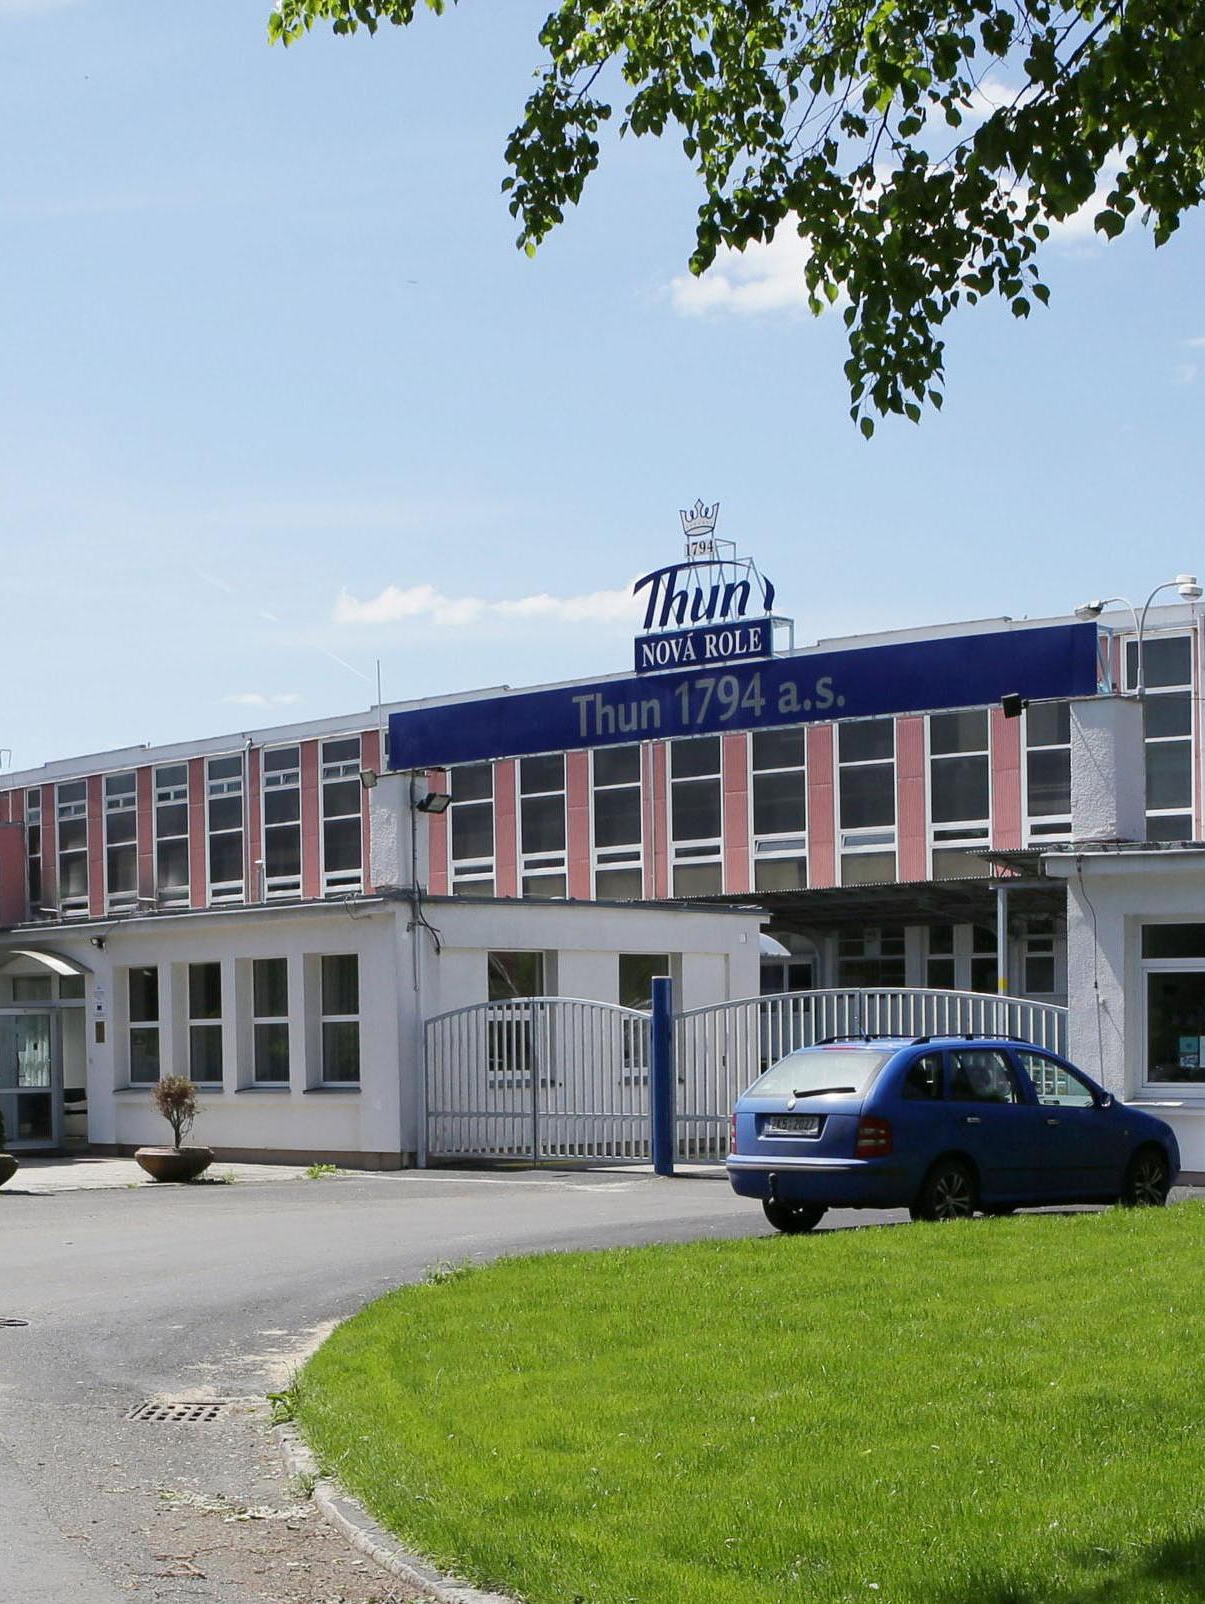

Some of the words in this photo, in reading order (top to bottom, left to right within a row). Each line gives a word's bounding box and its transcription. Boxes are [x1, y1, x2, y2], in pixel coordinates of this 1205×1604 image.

[685, 540, 714, 557] 1794
[633, 560, 775, 629] Thun
[642, 633, 697, 667] NOVÁ
[704, 627, 762, 658] ROLE
[572, 693, 661, 737] Thun
[675, 672, 765, 725] 1794
[778, 676, 845, 714] a.s.

☆ ☆ ☆

● About this task: Without changing a word, transcribe all of the data and omit its images.

● Response for this exercise:
Some of the words in this photo, in reading order (top to bottom, left to right within a row). Each line gives a word's bounding box and its transcription. Boxes are [x1, y1, x2, y2], in pixel coordinates of this 1205×1604 image.

[685, 540, 714, 557] 1794
[633, 560, 775, 629] Thun
[642, 633, 697, 667] NOVÁ
[704, 627, 762, 658] ROLE
[572, 693, 661, 737] Thun
[675, 672, 765, 725] 1794
[778, 676, 845, 714] a.s.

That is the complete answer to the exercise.